Directions
An exact reproduction of the data below is expected, free of images.

Annotated photo localization data
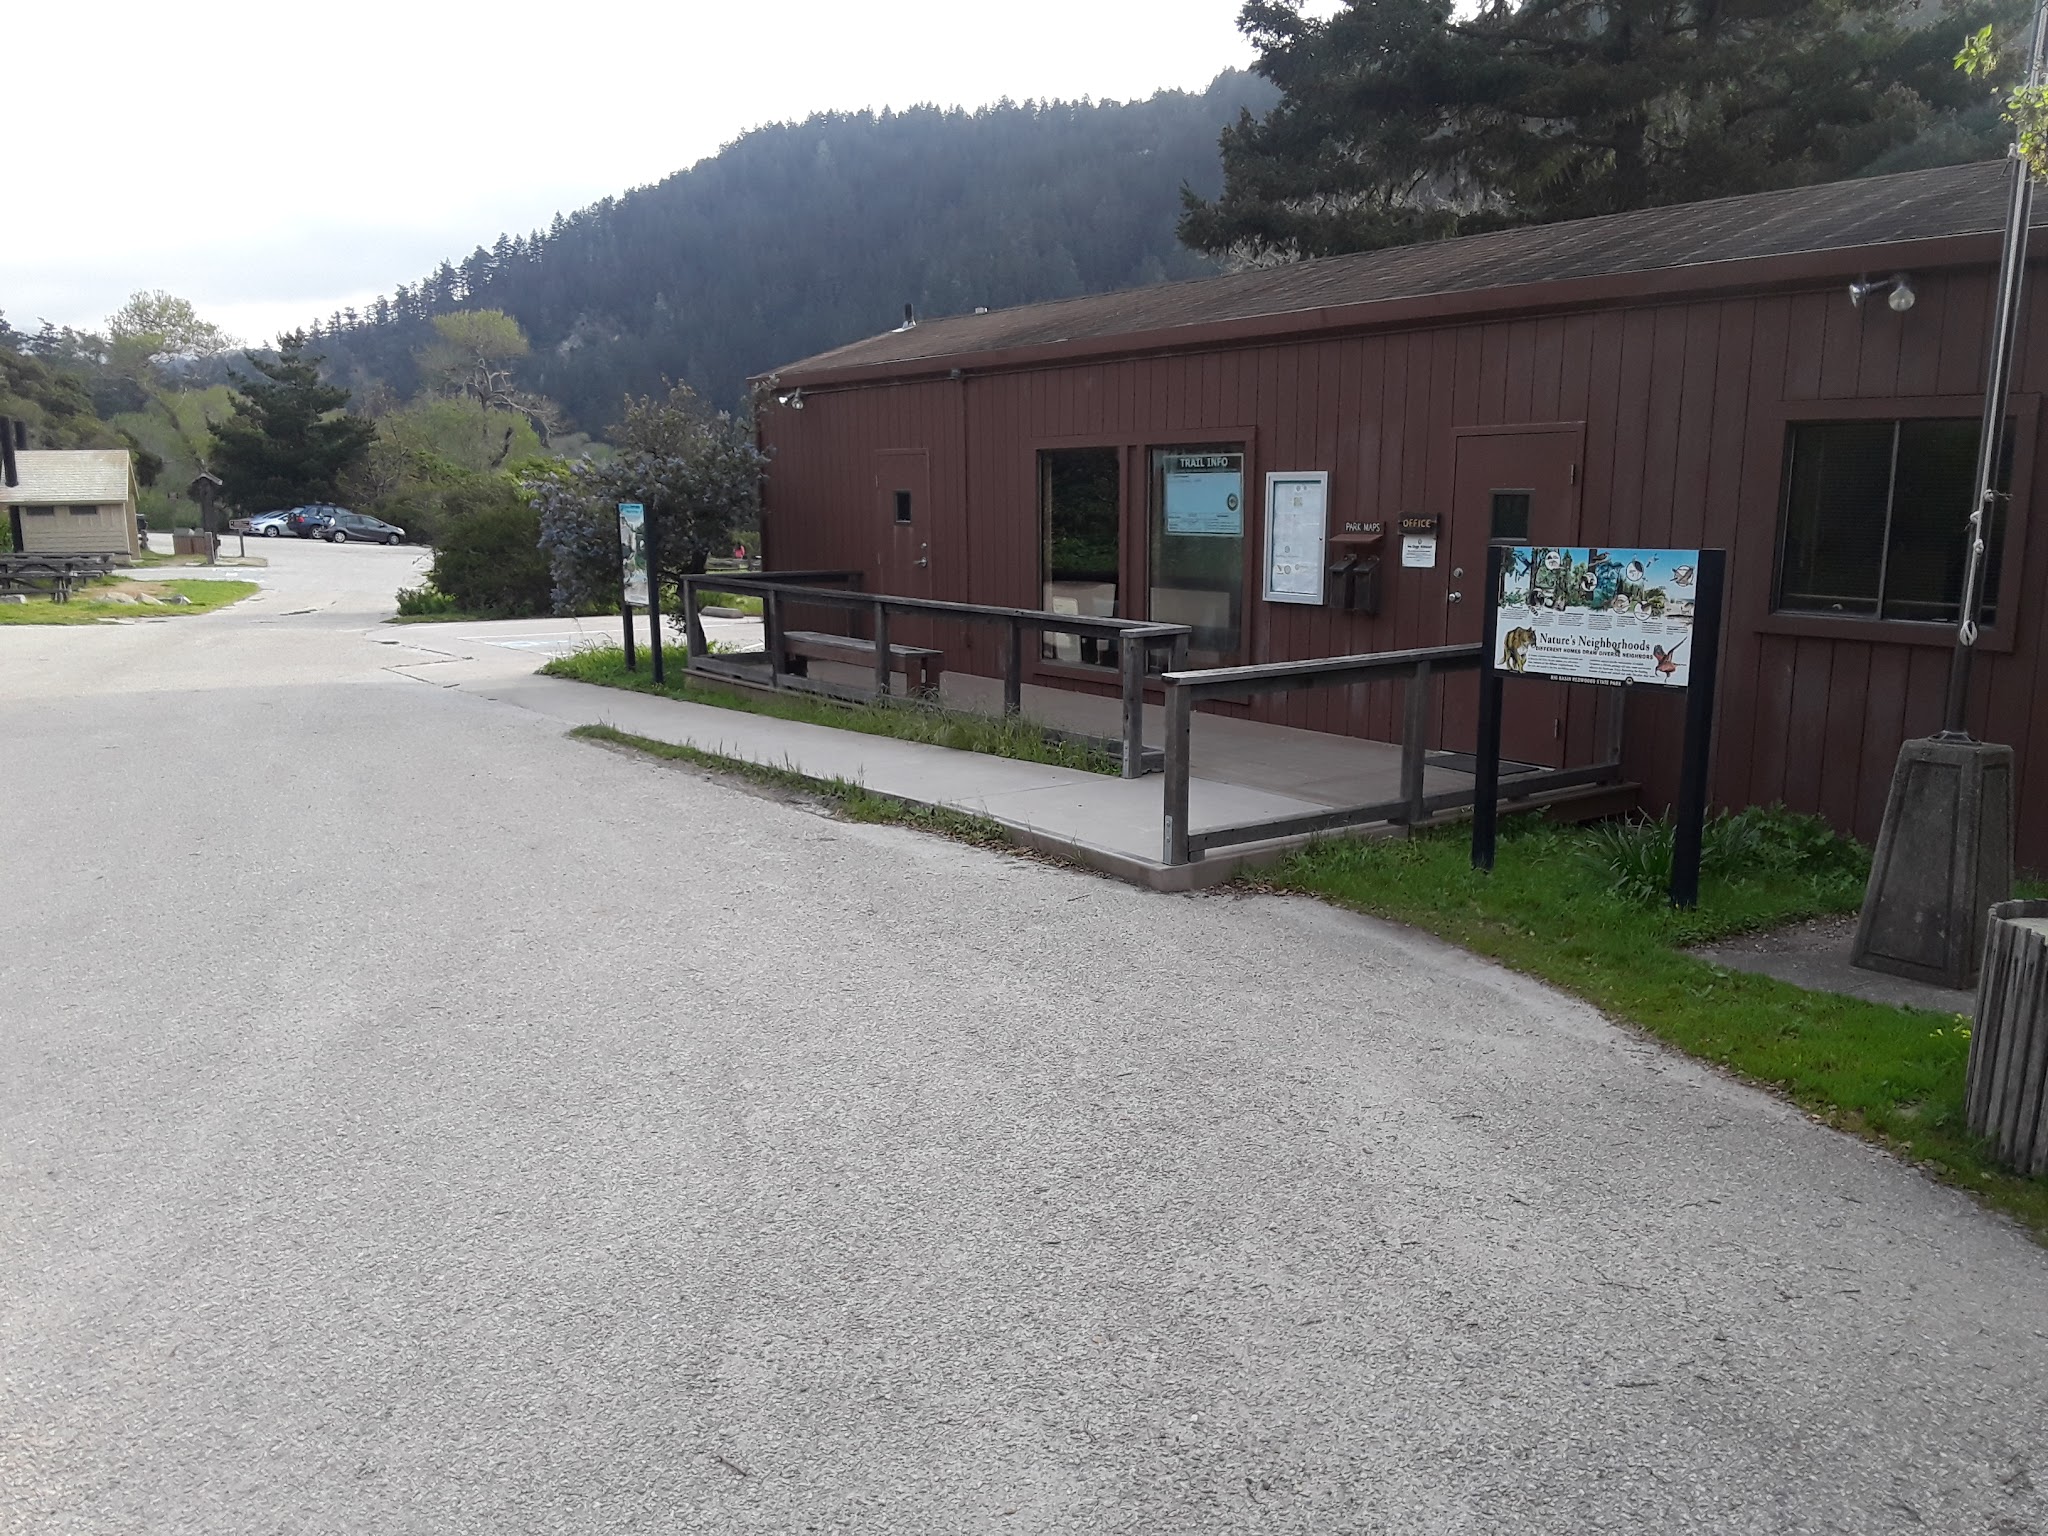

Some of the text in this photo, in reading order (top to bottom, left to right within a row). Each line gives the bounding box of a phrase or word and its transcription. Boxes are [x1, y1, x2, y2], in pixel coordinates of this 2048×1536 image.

[1180, 457, 1228, 467] TRAIL INFO
[1345, 522, 1380, 532] PARK MAPS
[1402, 519, 1431, 527] OFFICE
[1540, 633, 1650, 651] Nature's Neighborhoods
[1535, 645, 1562, 653] DIFFERENT
[1598, 650, 1621, 658] DIVERSE
[1622, 652, 1653, 660] NEIGHBORS
[1572, 676, 1596, 684] REDWOODS

Written response
Some of the text in this photo, in reading order (top to bottom, left to right within a row). Each line gives the bounding box of a phrase or word and its transcription. Boxes are [x1, y1, x2, y2], in pixel coordinates of this 2048×1536 image.

[1180, 457, 1228, 467] TRAIL INFO
[1345, 522, 1380, 532] PARK MAPS
[1402, 519, 1431, 527] OFFICE
[1540, 633, 1650, 651] Nature's Neighborhoods
[1535, 645, 1562, 653] DIFFERENT
[1598, 650, 1621, 658] DIVERSE
[1622, 652, 1653, 660] NEIGHBORS
[1572, 676, 1596, 684] REDWOODS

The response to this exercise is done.